Caminhei por entre quedas d'água,

Enervadas com esgotos do passado,

repetindo o escárnio de mãos que a tocaram,

sem nunca, de fato, ansiarem terem com ela

Qualquer aspecto real de coexistência.

São águas fétidas que levam devagar

o veneno de lembranças dolorosas.

Cobertas com lodo viscoso de paixões imbecis

e que insistentemente respiram e inspiram

As quais, natimortas, vivem assintomáticas.

Uma enfermidade potencialmente possível,

Em razão da insistência no que é desprezível.

Ela, aparentemente cândida, figura espectral,

carregava no colo, e apertando forte, o peso podre

de amores vis, densos, impróprios.

Tal como porcos faminto se arrastando

Contra uma enxorrada de feses humanas.

E a lua, branca no céu, assistia impassível,

brilhando sobre o antro-horror.

Sobre um frio cemitério de futuros descartados

Ele amou demasiado!
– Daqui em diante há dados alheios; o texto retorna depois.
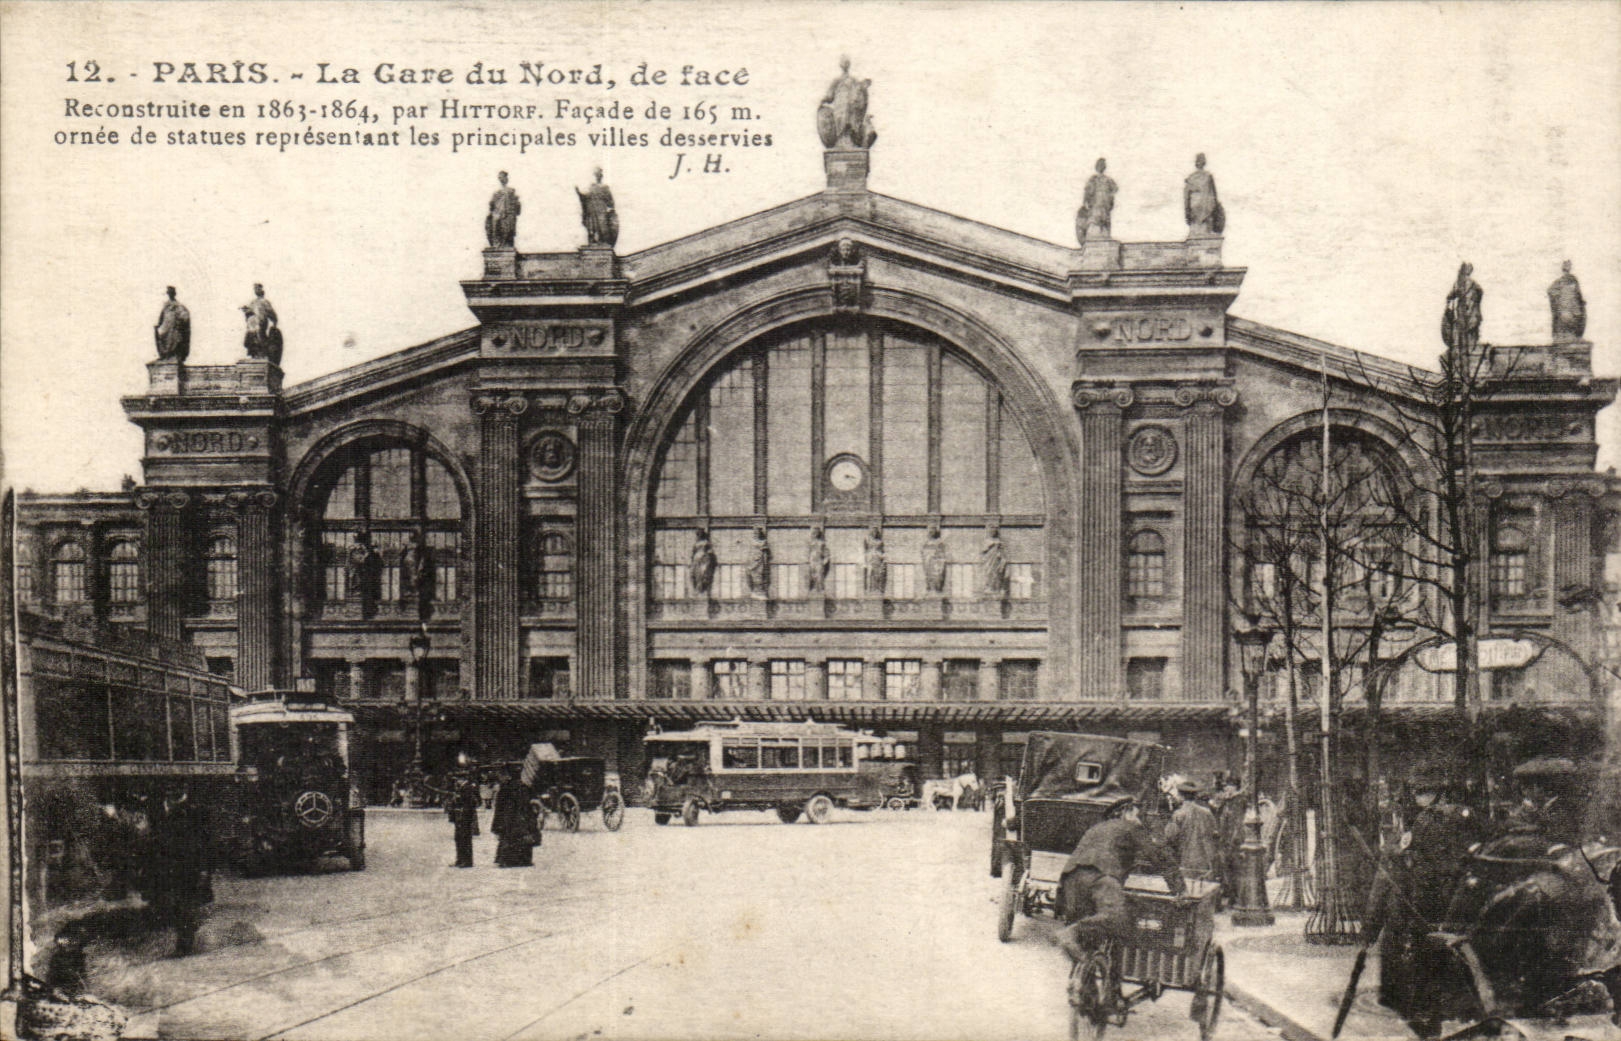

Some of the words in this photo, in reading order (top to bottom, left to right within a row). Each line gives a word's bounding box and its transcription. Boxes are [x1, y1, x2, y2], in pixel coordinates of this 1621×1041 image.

[510, 326, 584, 351] NORD
[1114, 318, 1192, 342] NORD
[170, 431, 243, 453] NORD
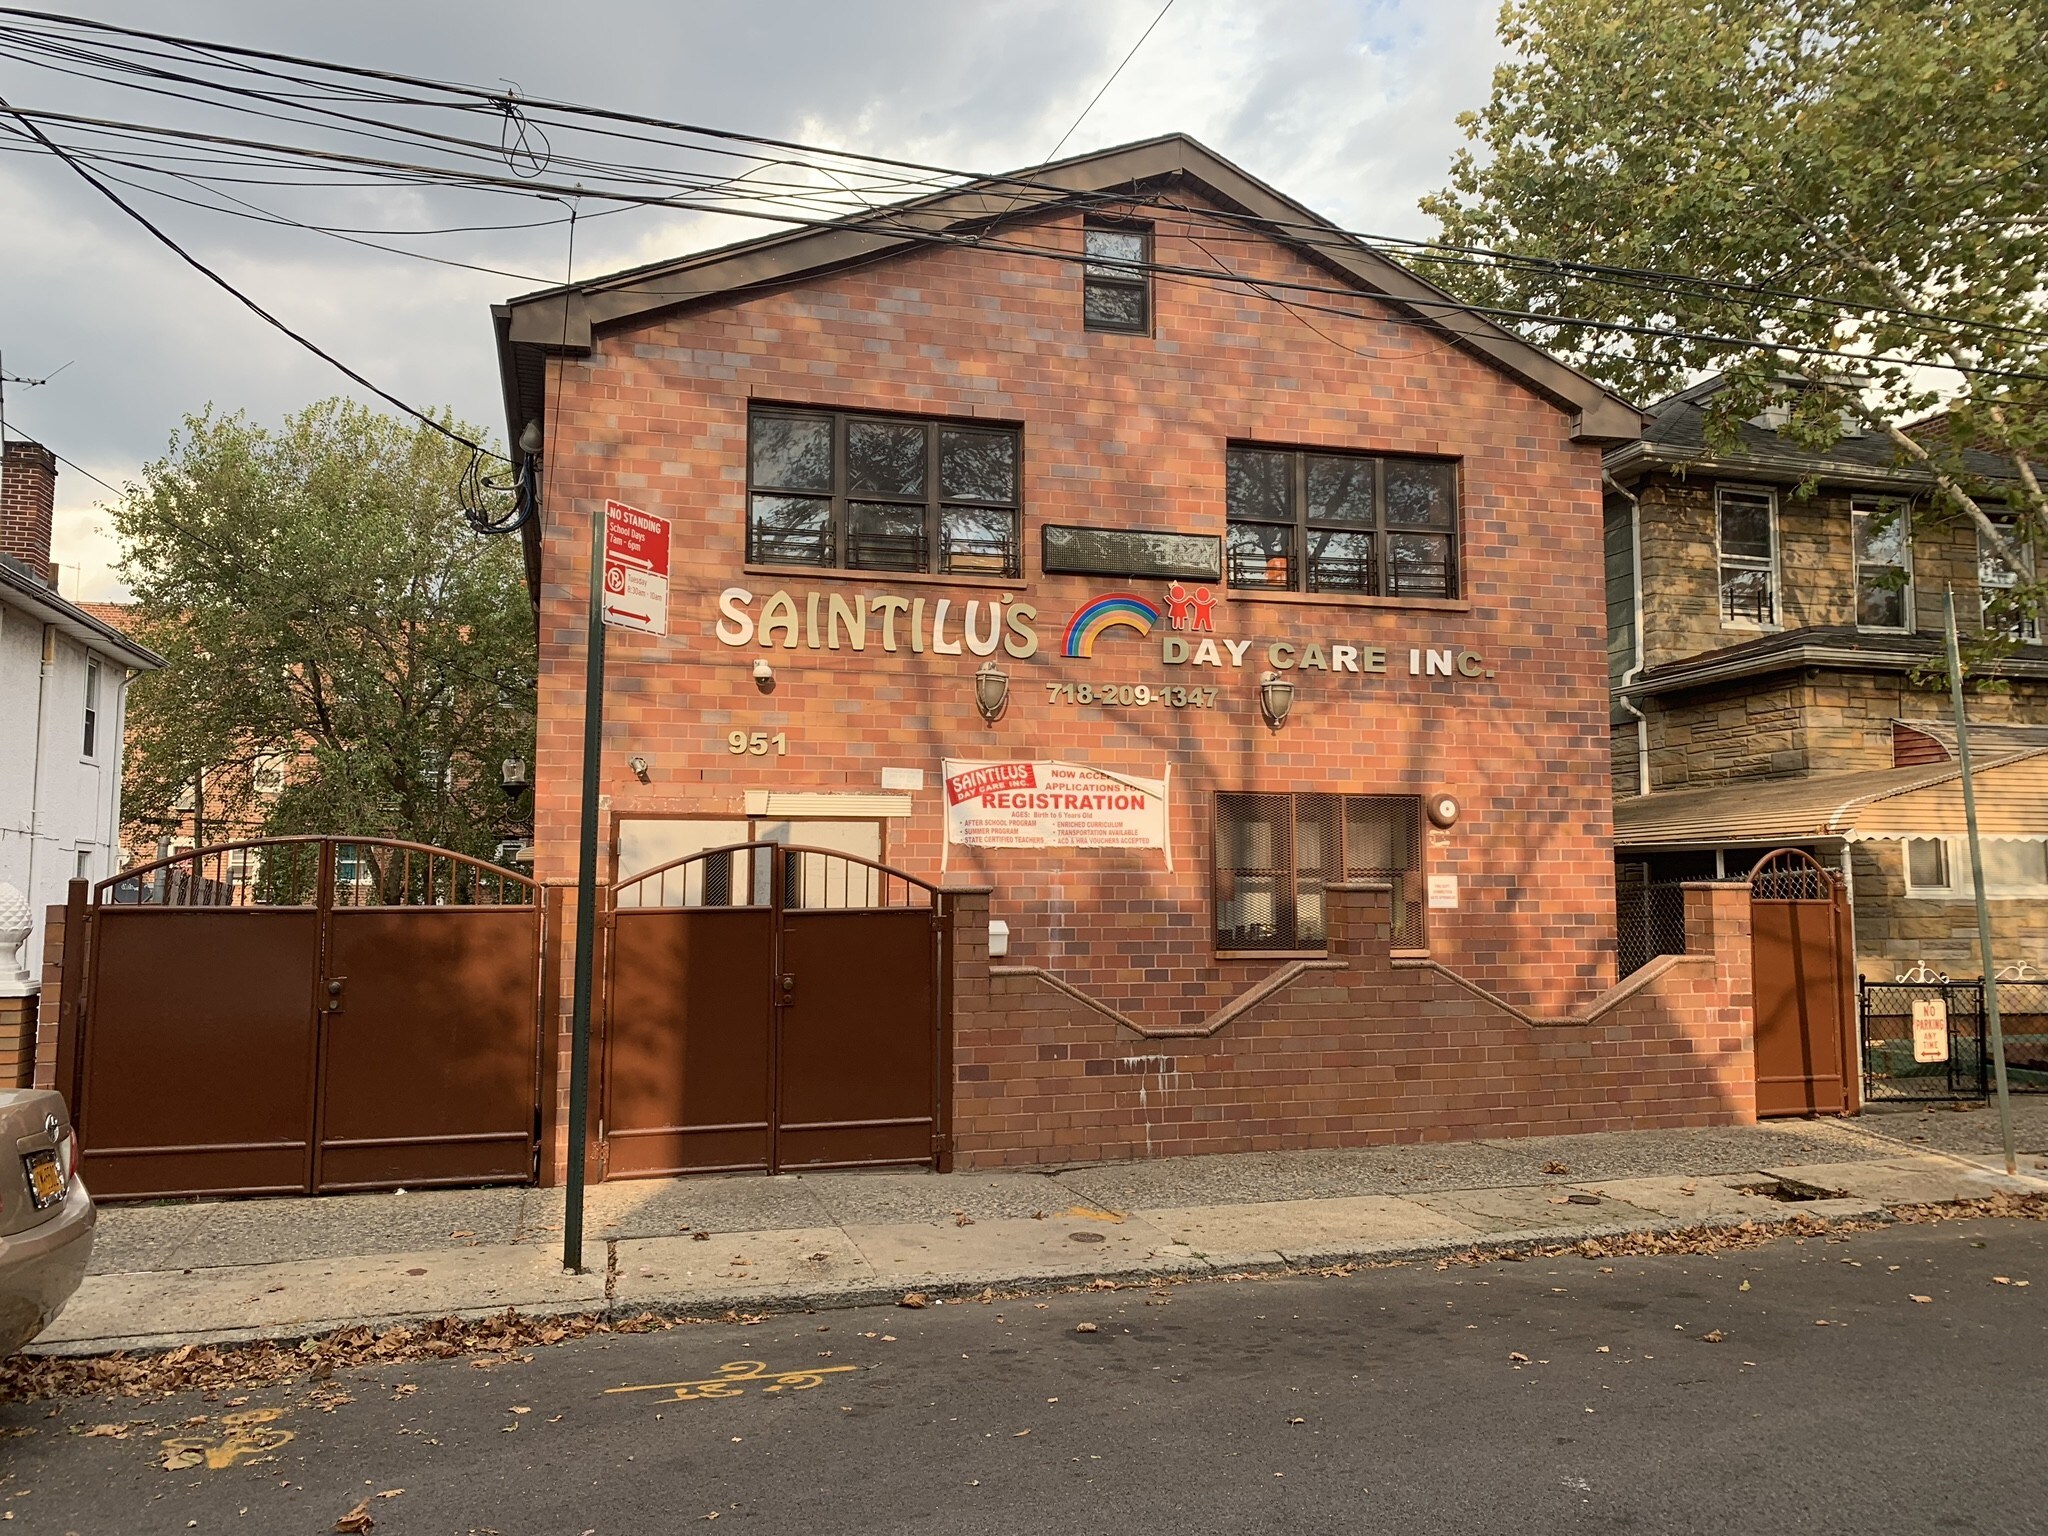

Confessando muitas vezes!

E, conquanto, muito a amava no corpo-objeto via

A permissão de mãos outras,

as quais tatuavam com tinta pútrida

que sorrateiramente consumiam e consomem.

Seu sorriso, que é belo, se transformava

em carcaça desossada pelos olhos vulgares

De quem, no viés dela, ignorante,

Encontraria pureza e docilidade.

Nos seus seios da mocidade, os vermes das ilusões,

Se alimentaram dos sonhos decompostos.

Criaturas, cujos escrementos saciavam sua sede.

Vejam, que ela teve diante de si a cachoeira doce, doada por Oxum,

Na qual véus dourados brilhavam nas águas puras,

Todavia, persistia o resíduo amargo da doença,

O jazigo perpétuo que ela edificou sua morada.

E ele, imerso nesse estrume de reminiscências,

sentia o dissabor corroê-lo dia a dia,

porquanto a cada palavra que lhe entregava,

cada gesto de amor que a estendia,

submergia no espesso brejo de sua memória,

como um grande animal sucumbindo afogado.

A lua cheia, silente, a traição que fitou sem sangue,

Rasgaram as nuvens, chorando em cinza o asco profundo.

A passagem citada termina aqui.